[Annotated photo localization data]

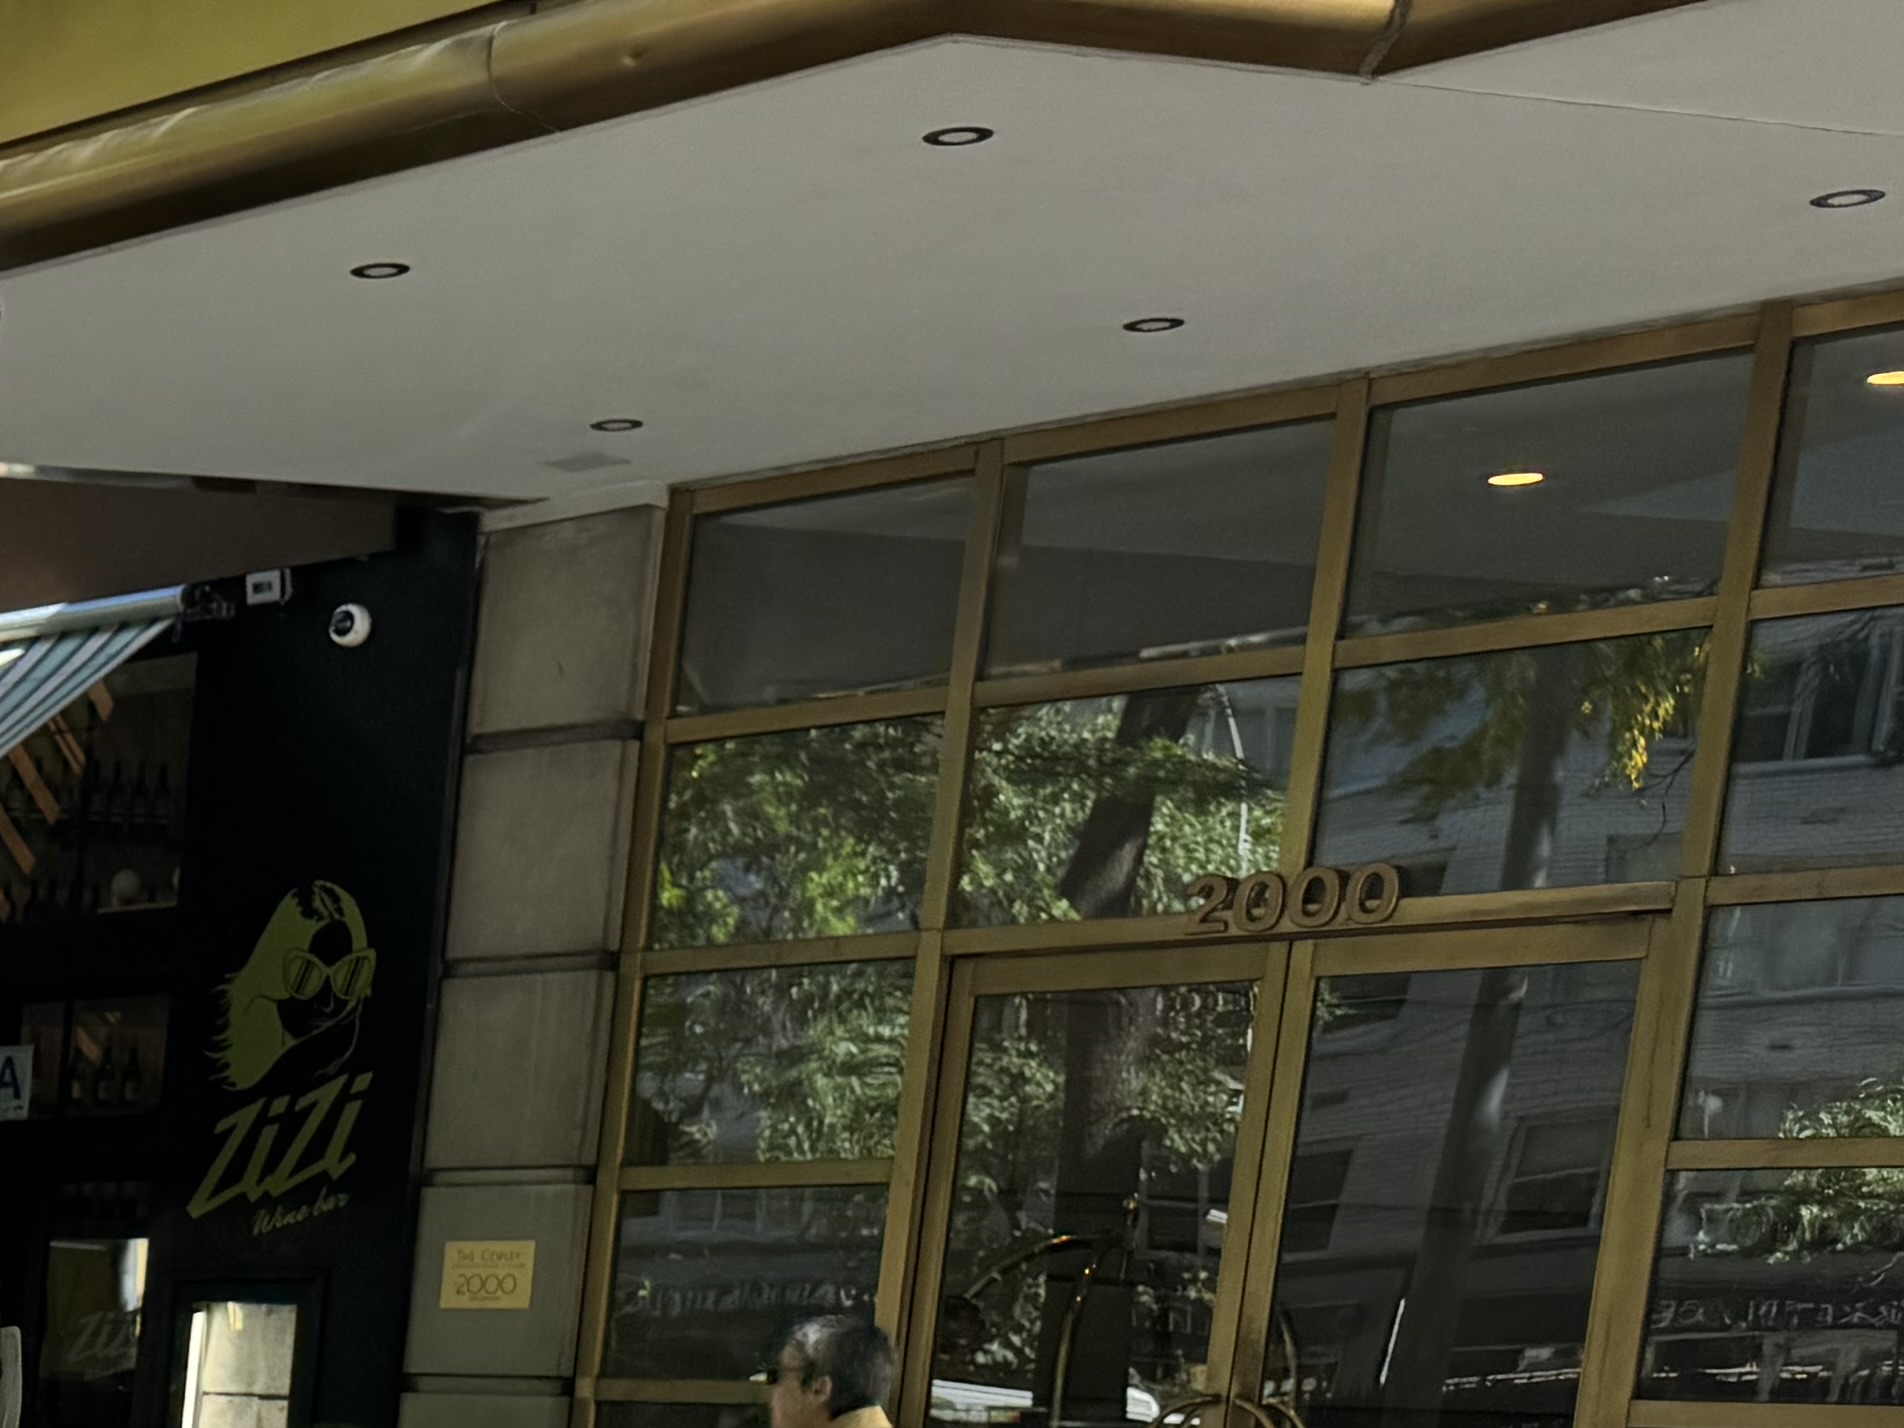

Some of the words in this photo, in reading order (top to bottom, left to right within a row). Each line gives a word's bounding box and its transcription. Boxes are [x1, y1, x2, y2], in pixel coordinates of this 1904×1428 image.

[1187, 863, 1399, 935] 2000
[252, 1205, 311, 1237] Wine
[455, 1273, 517, 1296] 2000
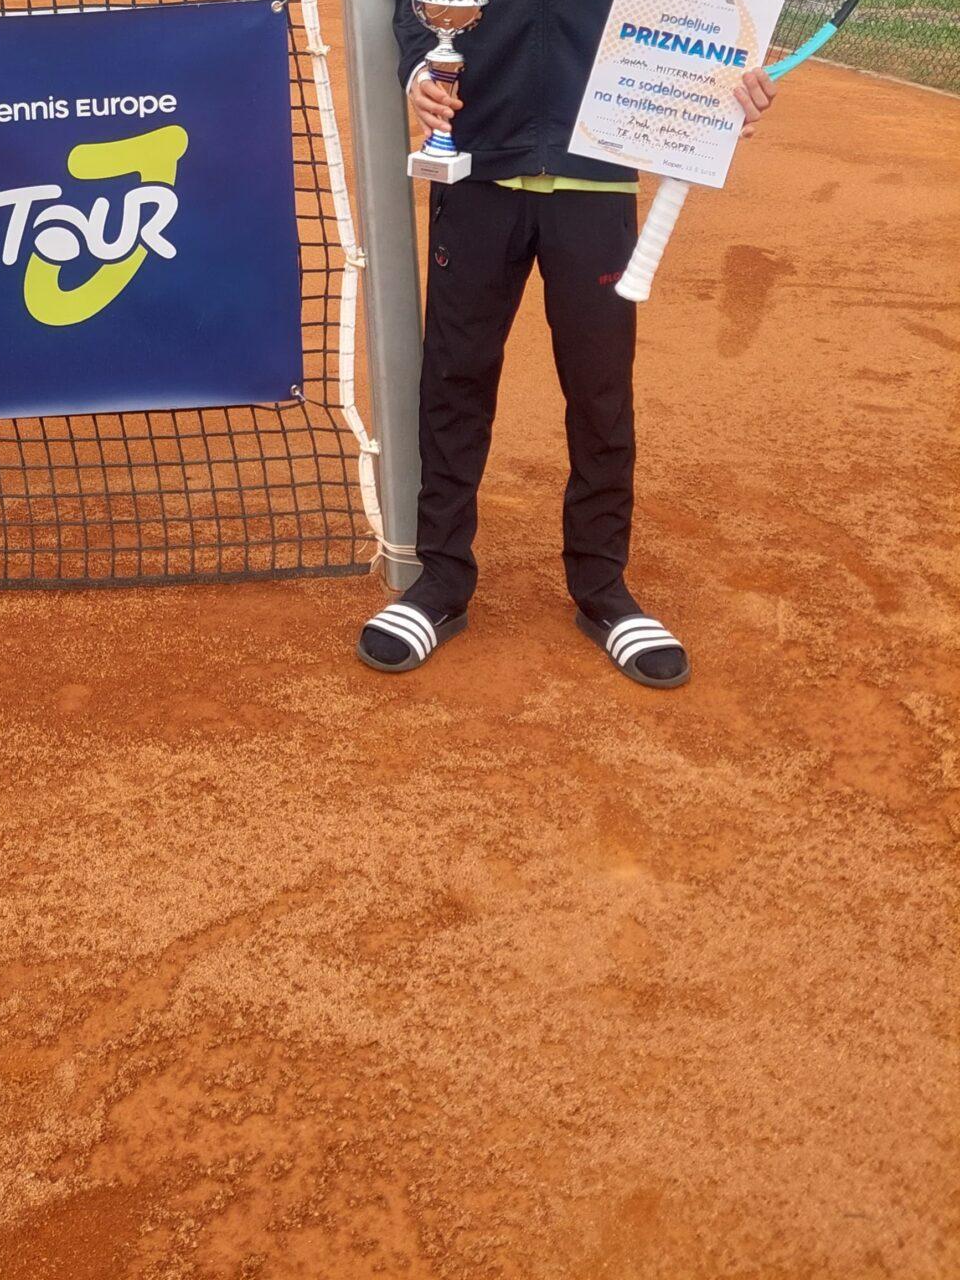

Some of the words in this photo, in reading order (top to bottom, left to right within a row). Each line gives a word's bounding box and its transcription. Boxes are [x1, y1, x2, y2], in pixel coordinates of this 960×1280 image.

[660, 12, 721, 34] podeljuje
[619, 22, 748, 68] PRIZNANJE
[618, 75, 636, 88] za
[639, 80, 721, 108] sodelovanje
[75, 94, 178, 119] Europe
[594, 90, 613, 102] na
[682, 108, 734, 131] turnirju
[663, 139, 696, 153] KOPER

> _WHAT THE EXERCISE ASKS_
Please print out the entries above exactly. The pictures stay out.

> _SOLUTION_
Some of the words in this photo, in reading order (top to bottom, left to right within a row). Each line gives a word's bounding box and its transcription. Boxes are [x1, y1, x2, y2], in pixel coordinates of this 1904×1428 image.

[1187, 863, 1399, 935] 2000
[252, 1205, 311, 1237] Wine
[455, 1273, 517, 1296] 2000

Some of the words in this photo, in reading order (top to bottom, left to right within a row). Each line gives a word's bounding box and its transcription. Boxes are [x1, y1, x2, y2], in pixel coordinates of this 960×1280 image.

[660, 12, 721, 34] podeljuje
[619, 22, 748, 68] PRIZNANJE
[618, 75, 636, 88] za
[639, 80, 721, 108] sodelovanje
[75, 94, 178, 119] Europe
[594, 90, 613, 102] na
[682, 108, 734, 131] turnirju
[663, 139, 696, 153] KOPER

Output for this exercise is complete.